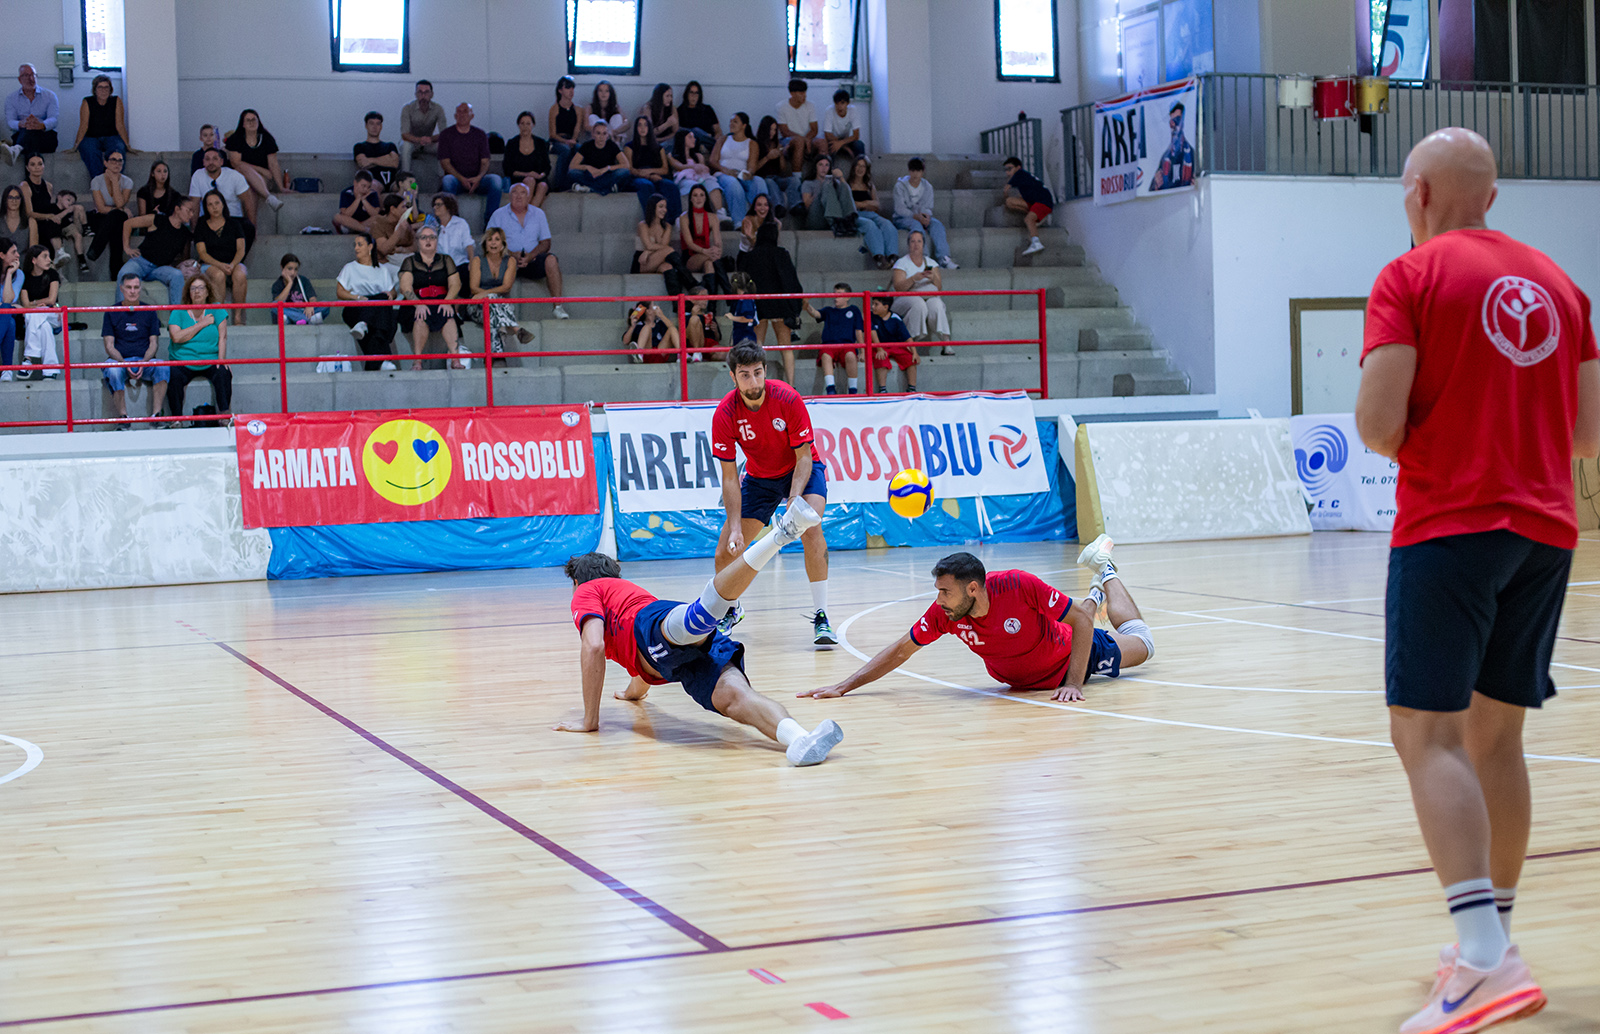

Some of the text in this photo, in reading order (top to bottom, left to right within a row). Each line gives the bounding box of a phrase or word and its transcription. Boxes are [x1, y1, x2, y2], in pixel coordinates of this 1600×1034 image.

[738, 424, 756, 441] 15
[619, 421, 983, 491] AREA ROSSOBLU
[253, 440, 586, 490] ARMATA ROSSOBLU
[1361, 475, 1377, 485] Tel.
[960, 630, 986, 646] 12
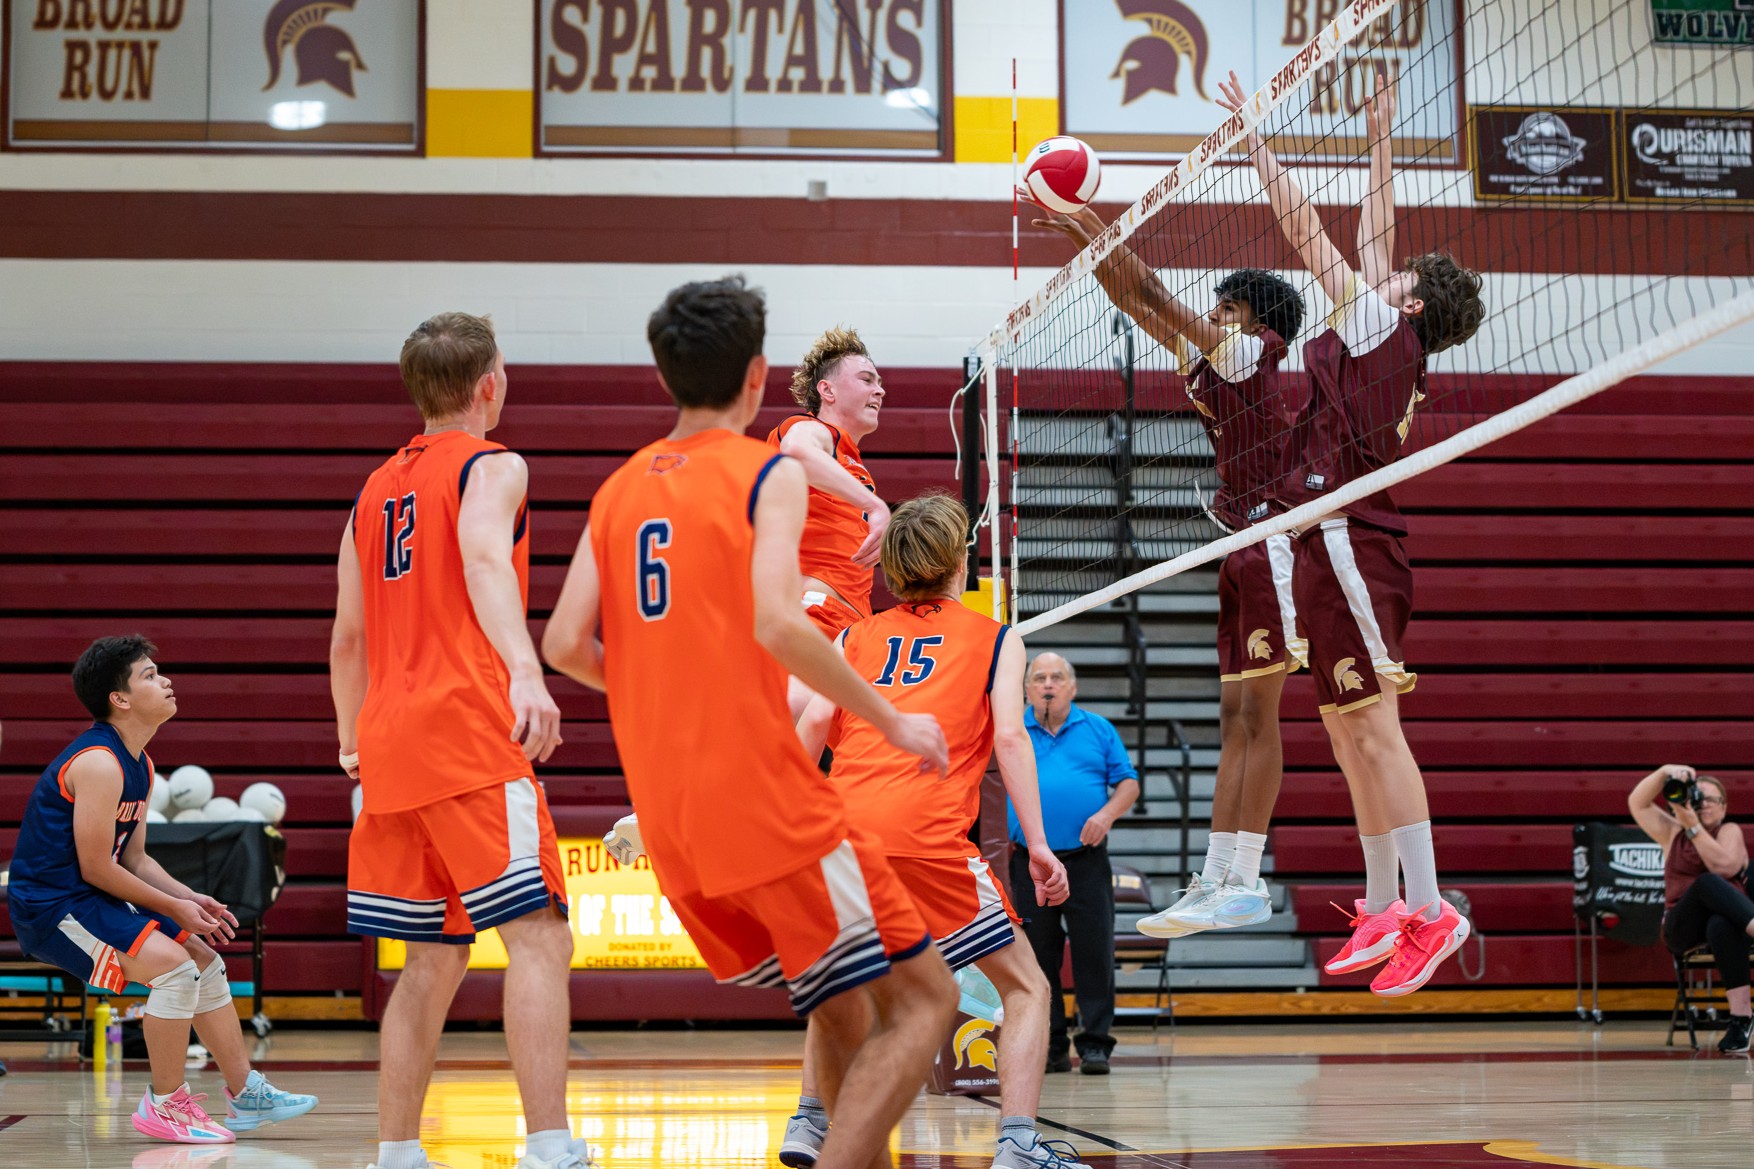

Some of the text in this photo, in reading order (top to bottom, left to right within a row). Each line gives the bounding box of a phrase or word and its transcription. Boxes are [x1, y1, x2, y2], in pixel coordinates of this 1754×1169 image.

[59, 39, 159, 101] RUN
[546, 0, 926, 94] SPARTANS
[1271, 36, 1322, 101] SPARTANS
[382, 491, 416, 581] 12
[636, 518, 673, 622] 6
[873, 635, 944, 687] 15
[611, 894, 654, 936] THE
[585, 956, 697, 967] CHEERS SPORTS
[608, 942, 672, 951] DONATED BY
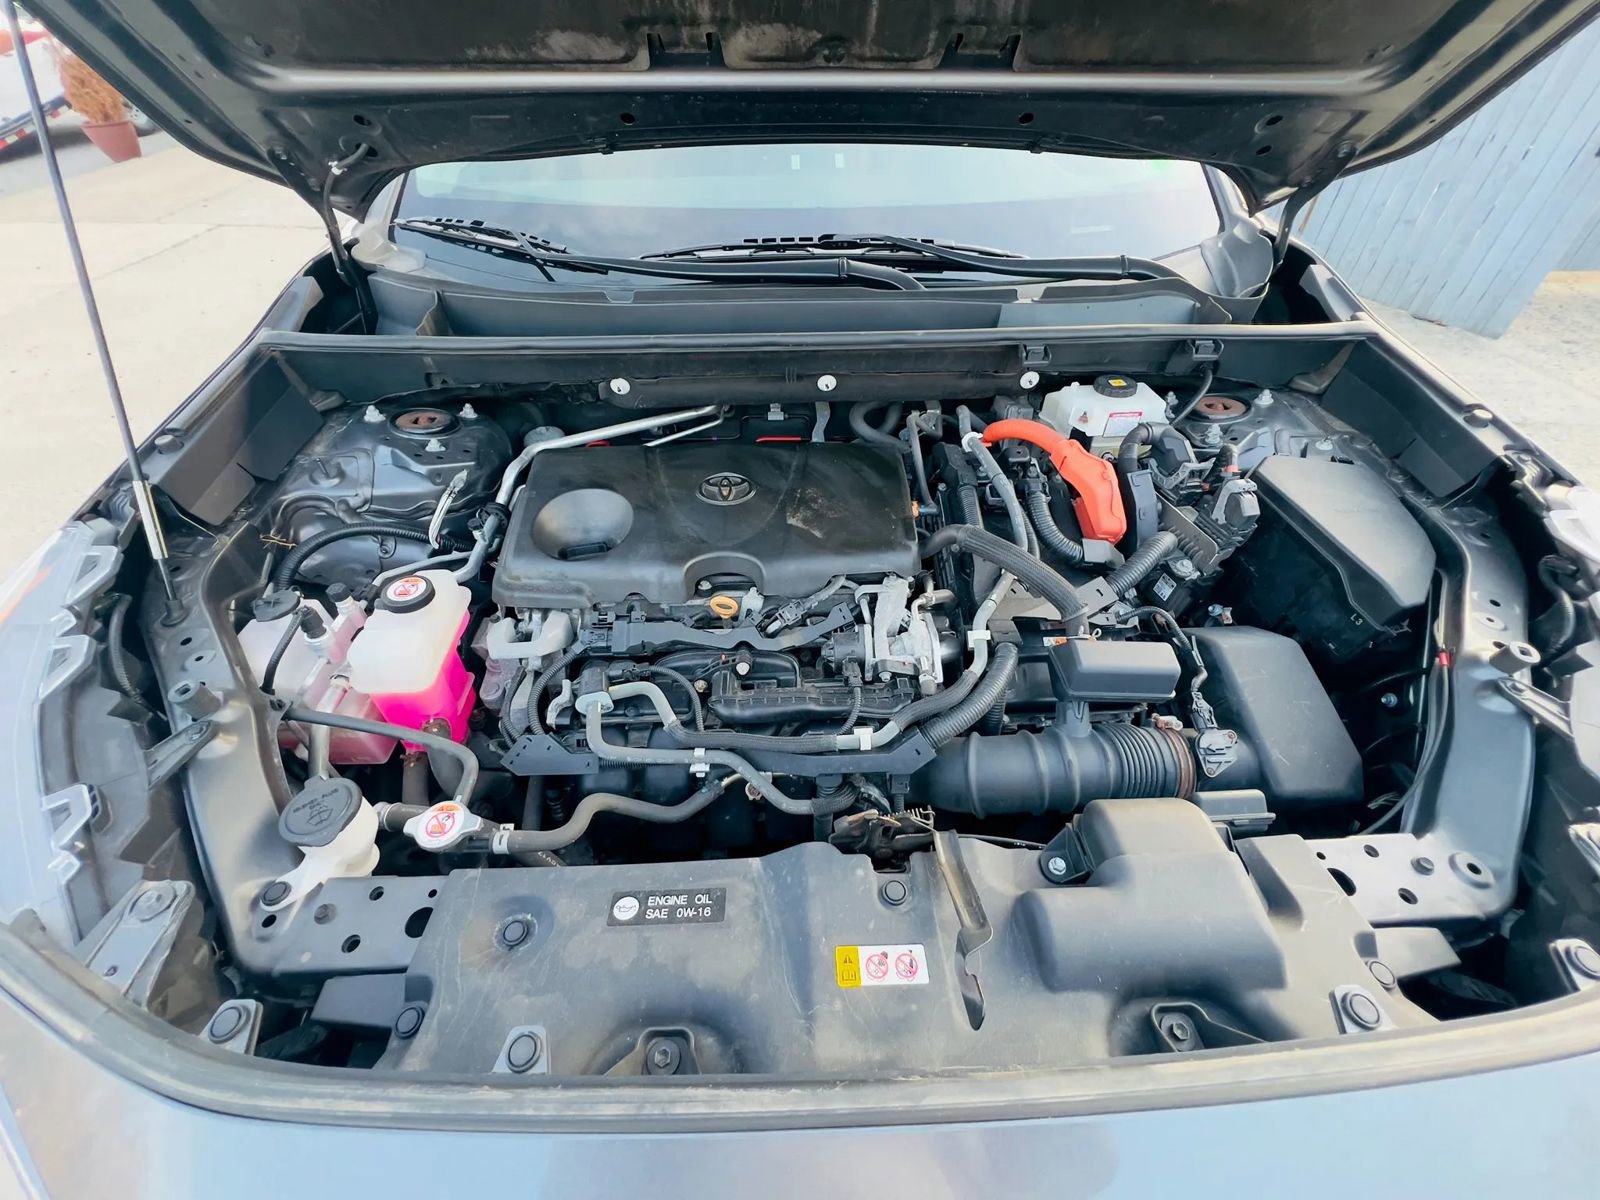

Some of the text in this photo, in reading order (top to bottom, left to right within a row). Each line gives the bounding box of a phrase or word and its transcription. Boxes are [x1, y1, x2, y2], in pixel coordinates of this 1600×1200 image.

[647, 894, 713, 906] ENGINE OIL
[645, 907, 712, 919] SAE 0W-16
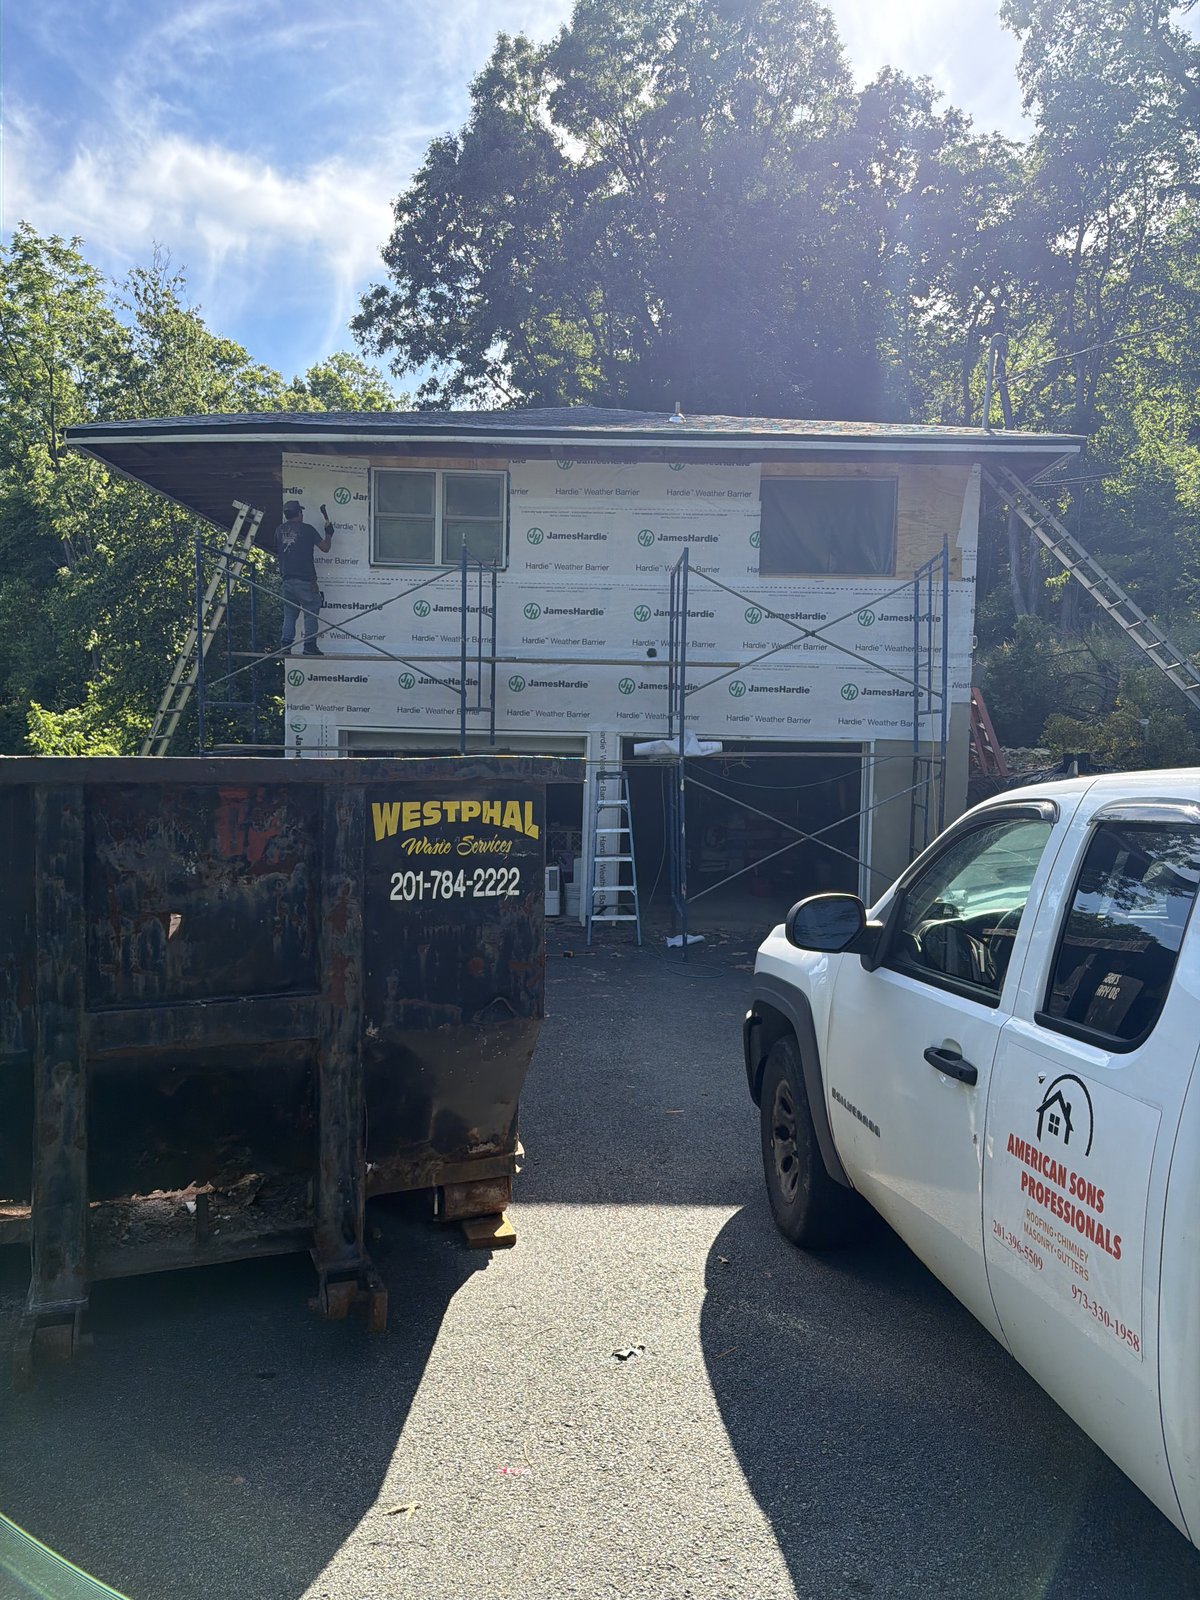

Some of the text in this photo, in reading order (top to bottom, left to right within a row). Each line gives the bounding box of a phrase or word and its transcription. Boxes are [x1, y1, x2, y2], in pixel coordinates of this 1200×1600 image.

[547, 532, 607, 541] JamesHardie
[658, 534, 718, 542] JamesHardie
[543, 607, 604, 616] JamesHardie
[308, 674, 368, 682] JamesHardie
[528, 680, 588, 688] JamesHardie
[748, 684, 810, 694] JamesHardie
[372, 800, 539, 842] WESTPHAL
[401, 834, 512, 856] Waste Services
[390, 867, 520, 900] 201-784-2222
[1006, 1133, 1104, 1214] AMERICAN SONS
[1020, 1171, 1122, 1260] PROFESSIONALS
[993, 1220, 1043, 1270] 201-396-5509
[1071, 1284, 1140, 1352] 973-330-1958

■ Required action ■
Output the records exactly, pictures excluded.

■ Response below ■
Some of the text in this photo, in reading order (top to bottom, left to right within a row). Each line gives the bounding box of a phrase or word and its transcription. Boxes are [x1, y1, x2, y2], in pixel coordinates of this 1600×1034 image.

[738, 424, 756, 441] 15
[619, 421, 983, 491] AREA ROSSOBLU
[253, 440, 586, 490] ARMATA ROSSOBLU
[1361, 475, 1377, 485] Tel.
[960, 630, 986, 646] 12

Some of the text in this photo, in reading order (top to bottom, left to right within a row). Each line gives the bounding box of a phrase or word and its transcription. Boxes are [x1, y1, x2, y2], in pixel coordinates of this 1754×1169 image.

[59, 39, 159, 101] RUN
[546, 0, 926, 94] SPARTANS
[1271, 36, 1322, 101] SPARTANS
[382, 491, 416, 581] 12
[636, 518, 673, 622] 6
[873, 635, 944, 687] 15
[611, 894, 654, 936] THE
[585, 956, 697, 967] CHEERS SPORTS
[608, 942, 672, 951] DONATED BY

Some of the text in this photo, in reading order (top to bottom, left to right within a row). Each line gives the bounding box of a phrase or word and its transcription. Boxes are [x1, y1, x2, y2], in pixel coordinates of this 1600×1200 image.

[647, 894, 713, 906] ENGINE OIL
[645, 907, 712, 919] SAE 0W-16

Some of the text in this photo, in reading order (top to bottom, left to right within a row). Each line gives the bounding box of a phrase or word and its transcription. Boxes are [x1, y1, x2, y2], in pixel coordinates of this 1200×1600 image.

[547, 532, 607, 541] JamesHardie
[658, 534, 718, 542] JamesHardie
[543, 607, 604, 616] JamesHardie
[308, 674, 368, 682] JamesHardie
[528, 680, 588, 688] JamesHardie
[748, 684, 810, 694] JamesHardie
[372, 800, 539, 842] WESTPHAL
[401, 834, 512, 856] Waste Services
[390, 867, 520, 900] 201-784-2222
[1006, 1133, 1104, 1214] AMERICAN SONS
[1020, 1171, 1122, 1260] PROFESSIONALS
[993, 1220, 1043, 1270] 201-396-5509
[1071, 1284, 1140, 1352] 973-330-1958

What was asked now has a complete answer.